*RECORD EXCERPTS:*
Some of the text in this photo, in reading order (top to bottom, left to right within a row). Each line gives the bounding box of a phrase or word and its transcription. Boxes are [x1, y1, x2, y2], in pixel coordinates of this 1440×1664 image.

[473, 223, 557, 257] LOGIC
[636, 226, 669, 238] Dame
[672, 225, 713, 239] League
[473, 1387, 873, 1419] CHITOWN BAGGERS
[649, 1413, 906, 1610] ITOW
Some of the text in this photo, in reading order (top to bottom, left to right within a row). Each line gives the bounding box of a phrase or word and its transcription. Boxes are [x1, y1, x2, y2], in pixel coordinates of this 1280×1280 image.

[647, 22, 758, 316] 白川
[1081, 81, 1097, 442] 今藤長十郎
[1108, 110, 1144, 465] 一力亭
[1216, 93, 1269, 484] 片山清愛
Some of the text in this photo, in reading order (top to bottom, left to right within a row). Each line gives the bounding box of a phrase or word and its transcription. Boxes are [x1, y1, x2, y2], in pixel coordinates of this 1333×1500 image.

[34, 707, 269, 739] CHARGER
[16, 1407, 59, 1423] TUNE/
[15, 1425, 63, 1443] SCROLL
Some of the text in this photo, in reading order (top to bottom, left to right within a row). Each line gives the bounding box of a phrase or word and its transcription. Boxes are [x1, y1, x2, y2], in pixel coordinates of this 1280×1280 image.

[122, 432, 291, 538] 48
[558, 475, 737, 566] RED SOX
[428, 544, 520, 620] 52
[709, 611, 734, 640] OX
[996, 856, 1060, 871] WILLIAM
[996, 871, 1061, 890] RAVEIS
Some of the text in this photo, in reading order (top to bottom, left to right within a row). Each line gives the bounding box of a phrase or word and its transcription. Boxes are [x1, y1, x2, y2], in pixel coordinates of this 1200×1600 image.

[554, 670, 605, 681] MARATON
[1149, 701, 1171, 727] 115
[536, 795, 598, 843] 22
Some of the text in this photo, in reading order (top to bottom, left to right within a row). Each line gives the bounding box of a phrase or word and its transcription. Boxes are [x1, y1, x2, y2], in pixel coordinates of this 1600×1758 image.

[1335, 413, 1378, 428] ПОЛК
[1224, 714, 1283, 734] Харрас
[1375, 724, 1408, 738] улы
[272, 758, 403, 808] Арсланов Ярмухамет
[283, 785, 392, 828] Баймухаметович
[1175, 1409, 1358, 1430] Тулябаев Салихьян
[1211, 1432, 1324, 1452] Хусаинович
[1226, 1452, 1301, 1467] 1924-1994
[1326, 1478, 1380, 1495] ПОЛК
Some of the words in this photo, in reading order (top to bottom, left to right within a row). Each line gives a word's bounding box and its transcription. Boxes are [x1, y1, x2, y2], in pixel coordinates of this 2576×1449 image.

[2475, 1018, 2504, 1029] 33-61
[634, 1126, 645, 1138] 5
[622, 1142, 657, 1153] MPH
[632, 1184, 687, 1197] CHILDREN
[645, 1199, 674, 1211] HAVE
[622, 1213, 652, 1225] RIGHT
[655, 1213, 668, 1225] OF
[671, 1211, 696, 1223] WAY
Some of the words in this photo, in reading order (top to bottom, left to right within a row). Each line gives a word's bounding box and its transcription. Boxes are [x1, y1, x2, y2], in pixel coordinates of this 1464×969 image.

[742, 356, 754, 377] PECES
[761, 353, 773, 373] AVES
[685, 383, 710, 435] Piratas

*WORK INSTRUCTIONS:*
Give back the entries above precisely as they appear.

*ANSWER SPACE:*
Some of the text in this photo, in reading order (top to bottom, left to right within a row). Each line gives the bounding box of a phrase or word and its transcription. Boxes are [x1, y1, x2, y2], in pixel coordinates of this 1440×1664 image.

[473, 223, 557, 257] LOGIC
[636, 226, 669, 238] Dame
[672, 225, 713, 239] League
[473, 1387, 873, 1419] CHITOWN BAGGERS
[649, 1413, 906, 1610] ITOW
Some of the text in this photo, in reading order (top to bottom, left to right within a row). Each line gives the bounding box of a phrase or word and its transcription. Boxes are [x1, y1, x2, y2], in pixel coordinates of this 1280×1280 image.

[647, 22, 758, 316] 白川
[1081, 81, 1097, 442] 今藤長十郎
[1108, 110, 1144, 465] 一力亭
[1216, 93, 1269, 484] 片山清愛
Some of the text in this photo, in reading order (top to bottom, left to right within a row). Each line gives the bounding box of a phrase or word and its transcription. Boxes are [x1, y1, x2, y2], in pixel coordinates of this 1333×1500 image.

[34, 707, 269, 739] CHARGER
[16, 1407, 59, 1423] TUNE/
[15, 1425, 63, 1443] SCROLL
Some of the text in this photo, in reading order (top to bottom, left to right within a row). Each line gives the bounding box of a phrase or word and its transcription. Boxes are [x1, y1, x2, y2], in pixel coordinates of this 1280×1280 image.

[122, 432, 291, 538] 48
[558, 475, 737, 566] RED SOX
[428, 544, 520, 620] 52
[709, 611, 734, 640] OX
[996, 856, 1060, 871] WILLIAM
[996, 871, 1061, 890] RAVEIS
Some of the text in this photo, in reading order (top to bottom, left to right within a row). Each line gives the bounding box of a phrase or word and its transcription. Boxes are [x1, y1, x2, y2], in pixel coordinates of this 1200×1600 image.

[554, 670, 605, 681] MARATON
[1149, 701, 1171, 727] 115
[536, 795, 598, 843] 22
Some of the text in this photo, in reading order (top to bottom, left to right within a row). Each line gives the bounding box of a phrase or word and its transcription. Boxes are [x1, y1, x2, y2], in pixel coordinates of this 1600×1758 image.

[1335, 413, 1378, 428] ПОЛК
[1224, 714, 1283, 734] Харрас
[1375, 724, 1408, 738] улы
[272, 758, 403, 808] Арсланов Ярмухамет
[283, 785, 392, 828] Баймухаметович
[1175, 1409, 1358, 1430] Тулябаев Салихьян
[1211, 1432, 1324, 1452] Хусаинович
[1226, 1452, 1301, 1467] 1924-1994
[1326, 1478, 1380, 1495] ПОЛК
Some of the words in this photo, in reading order (top to bottom, left to right within a row). Each line gives a word's bounding box and its transcription. Boxes are [x1, y1, x2, y2], in pixel coordinates of this 2576×1449 image.

[2475, 1018, 2504, 1029] 33-61
[634, 1126, 645, 1138] 5
[622, 1142, 657, 1153] MPH
[632, 1184, 687, 1197] CHILDREN
[645, 1199, 674, 1211] HAVE
[622, 1213, 652, 1225] RIGHT
[655, 1213, 668, 1225] OF
[671, 1211, 696, 1223] WAY
Some of the words in this photo, in reading order (top to bottom, left to right within a row). Each line gives a word's bounding box and its transcription. Boxes are [x1, y1, x2, y2], in pixel coordinates of this 1464×969 image.

[742, 356, 754, 377] PECES
[761, 353, 773, 373] AVES
[685, 383, 710, 435] Piratas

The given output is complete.